The paper highlighted the growing reliance on Priority Sector Lending Certificates (PSLCs) by banks to meet regulatory obligations. According to the economists, trading in PSLCs increased significantly to INR 12.2 lakh crore in FY25 from INR 1.8 lakh crore in FY18. The report stated that, after excluding PSLC purchases and funds placed in the Rural Infrastructure Development Fund (RIDF), no bank was able to achieve the mandatory target of directing 40 per cent of its Adjusted Net Bank Credit towards priority sectors.
It further noted that a cost-benefit assessment of the Rural Infrastructure Development Fund suggested banks found it more attractive to purchase PSLCs than to deploy funds through the RIDF mechanism. The economists indicated that this trend reflected the need to revisit the existing framework governing priority sector compliance.
A key recommendation in the paper focused on expanding support for infrastructure financing through the banking system. The economists argued that substantial investment would be required to achieve the Prime Minister's Vision 2047 objectives and observed that long-term funding sources remained limited due to the absence of a sufficiently developed corporate bond market.
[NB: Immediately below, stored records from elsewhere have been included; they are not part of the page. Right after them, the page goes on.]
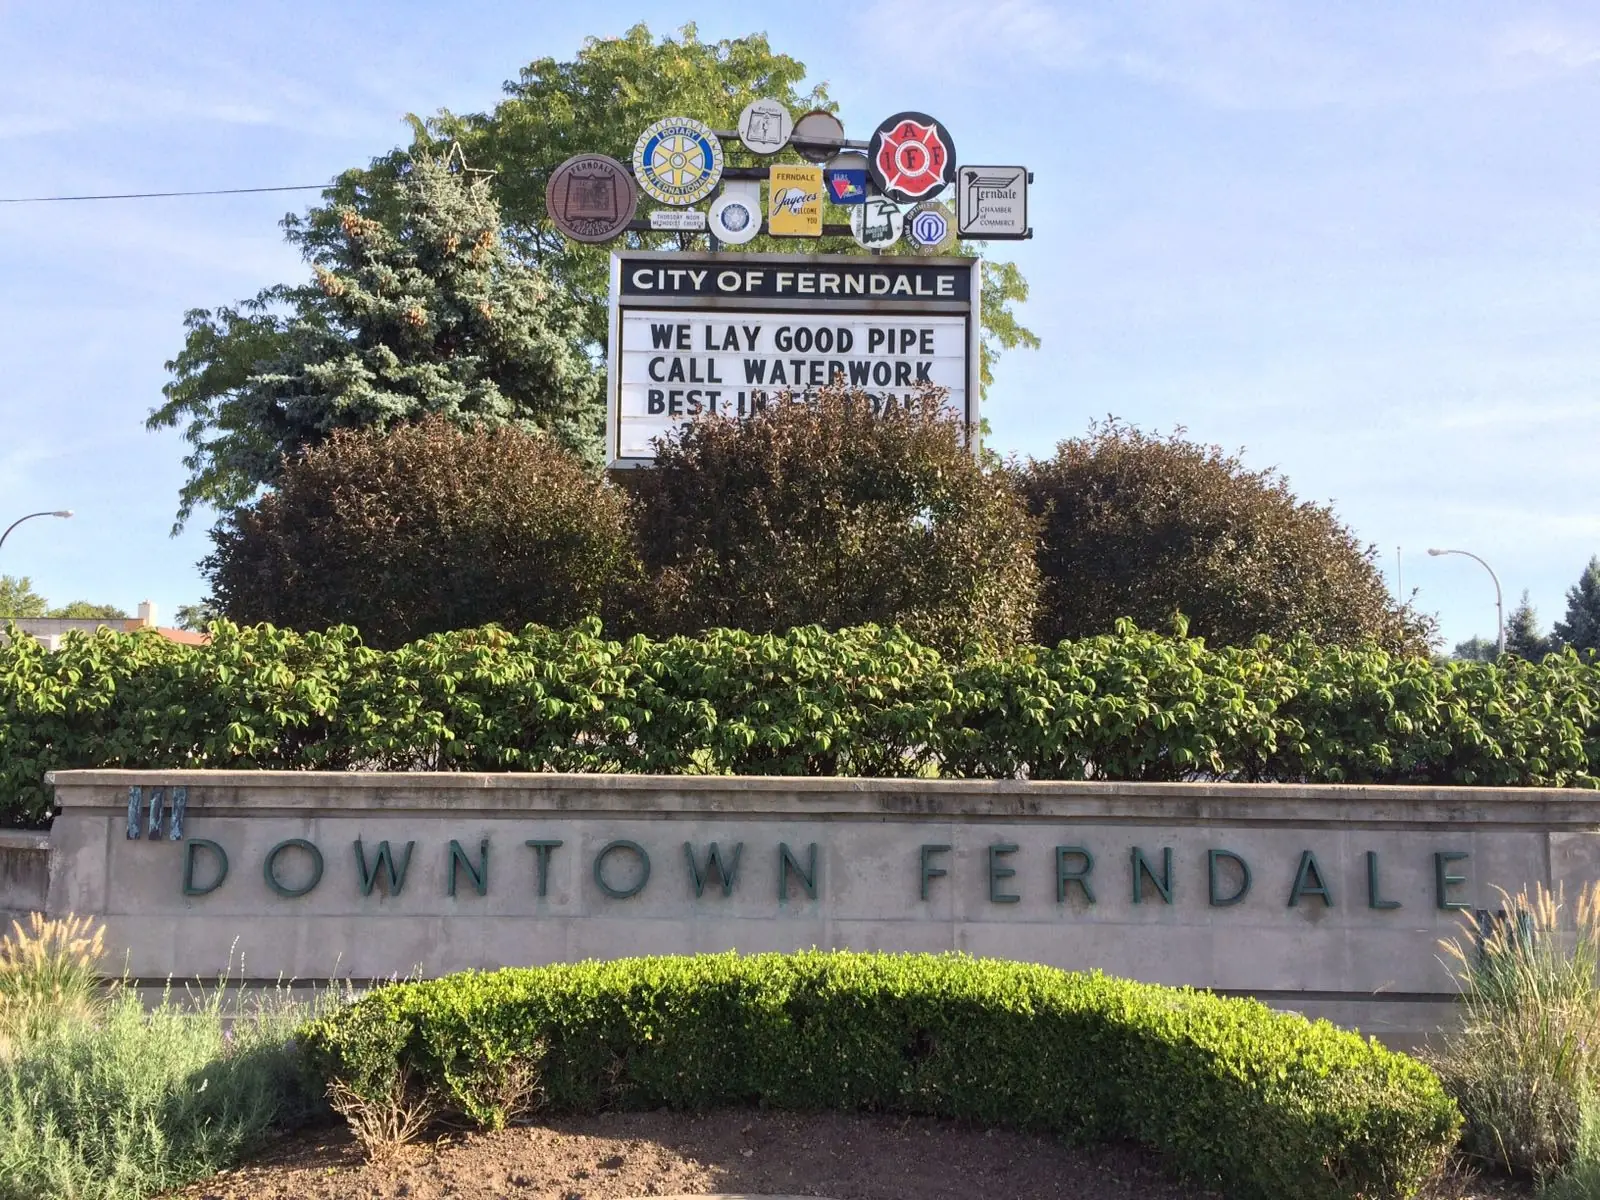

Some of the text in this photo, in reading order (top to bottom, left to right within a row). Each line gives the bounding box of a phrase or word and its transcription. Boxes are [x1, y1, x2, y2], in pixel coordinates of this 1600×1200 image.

[662, 127, 698, 138] ROTARY
[570, 161, 614, 175] FERNDALE
[645, 168, 709, 195] INTERNATIONAL
[776, 173, 816, 181] FERNDALE
[772, 187, 818, 216] Jaycees
[632, 268, 955, 297] CITY OF FERNDALE
[650, 323, 935, 355] WE LAY GOOD PIPE
[649, 356, 722, 383] CALL
[648, 389, 722, 416] BEST
[181, 837, 1472, 910] DOWNTOWN FERNDALE
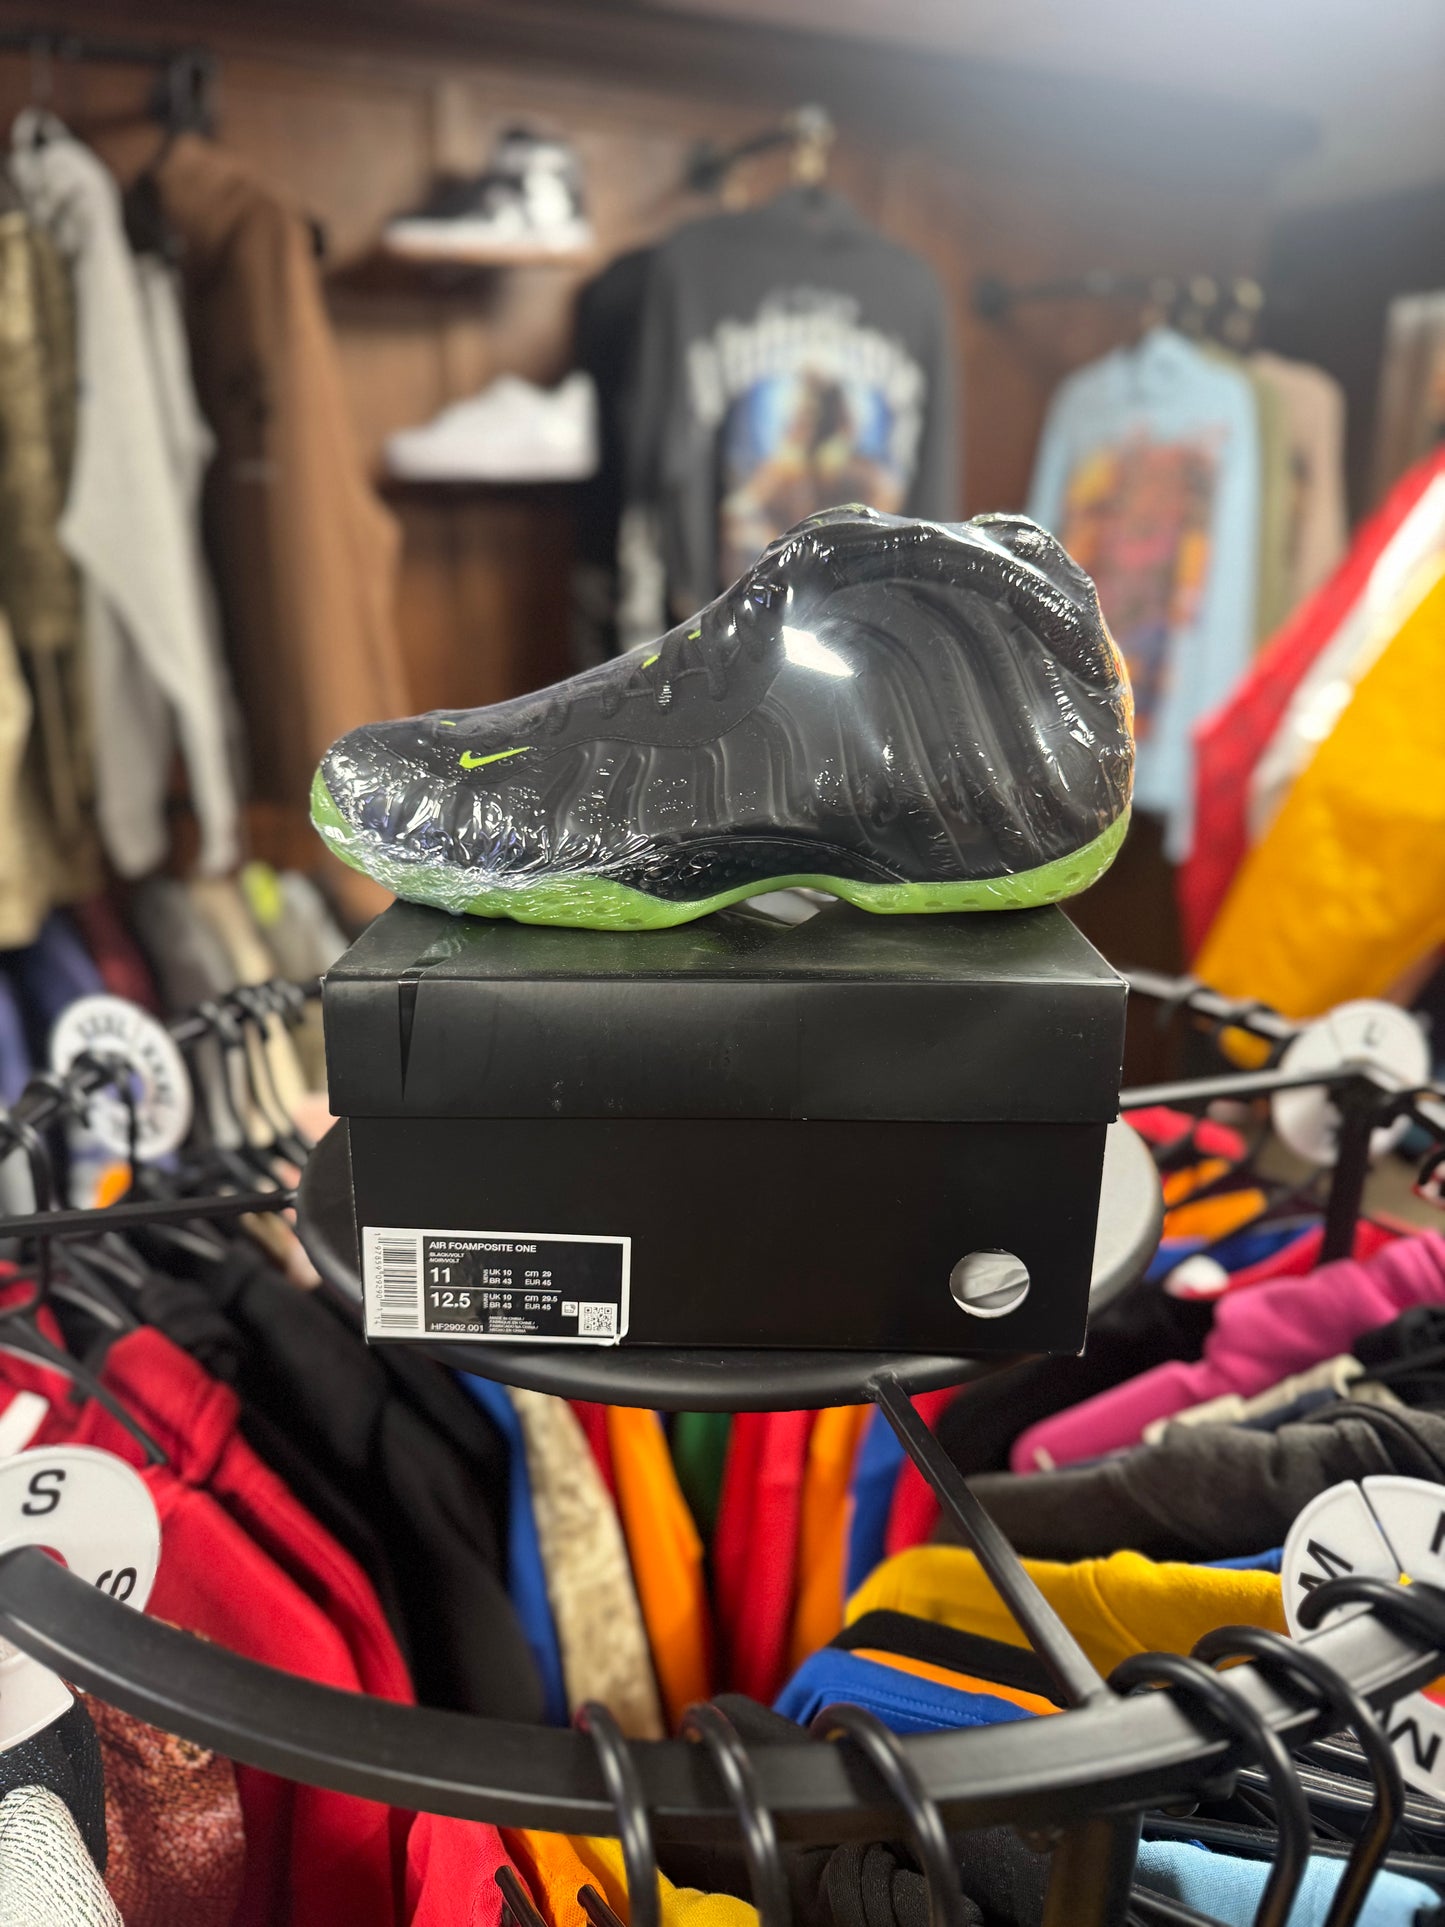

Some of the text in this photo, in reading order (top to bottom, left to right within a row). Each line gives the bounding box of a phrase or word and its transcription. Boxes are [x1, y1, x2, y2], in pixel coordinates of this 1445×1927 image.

[429, 1241, 537, 1253] AIR FOAMPOSITE ONE
[430, 1267, 451, 1283] 11
[430, 1291, 471, 1309] 12.5
[503, 1293, 512, 1301] 10
[541, 1295, 558, 1303] 29.5
[431, 1322, 484, 1332] HF2902 001
[22, 1469, 66, 1516] S
They therefore proposed that all infrastructure loans should either receive priority sector status or be excluded from ANBC calculations when assessing banks' PSL targets.
The paper also recommended revisions to PSL eligibility limits across several sectors. In the housing segment, it observed that average loan sizes were expected to increase and proposed raising the PSL ceiling for housing loans to INR 1 crore in metropolitan cities and INR 75 lakh in other locations.
For education loans, the economists suggested doubling the PSL eligibility threshold to INR 50 lakh, noting that the cost of higher education had risen considerably in recent years.
The recommendations also covered renewable energy financing. The paper proposed increasing the PSL eligibility limit for renewable energy projects to INR 100 crore from the existing INR 35 crore. For individual borrowers installing rooftop solar systems, it recommended raising the qualifying loan limit to INR 2 crore from the current INR 10 lakh.
The proposals form part of a broader set of recommendations intended to align the priority sector lending framework with evolving financing needs across infrastructure and other key sectors of the economy.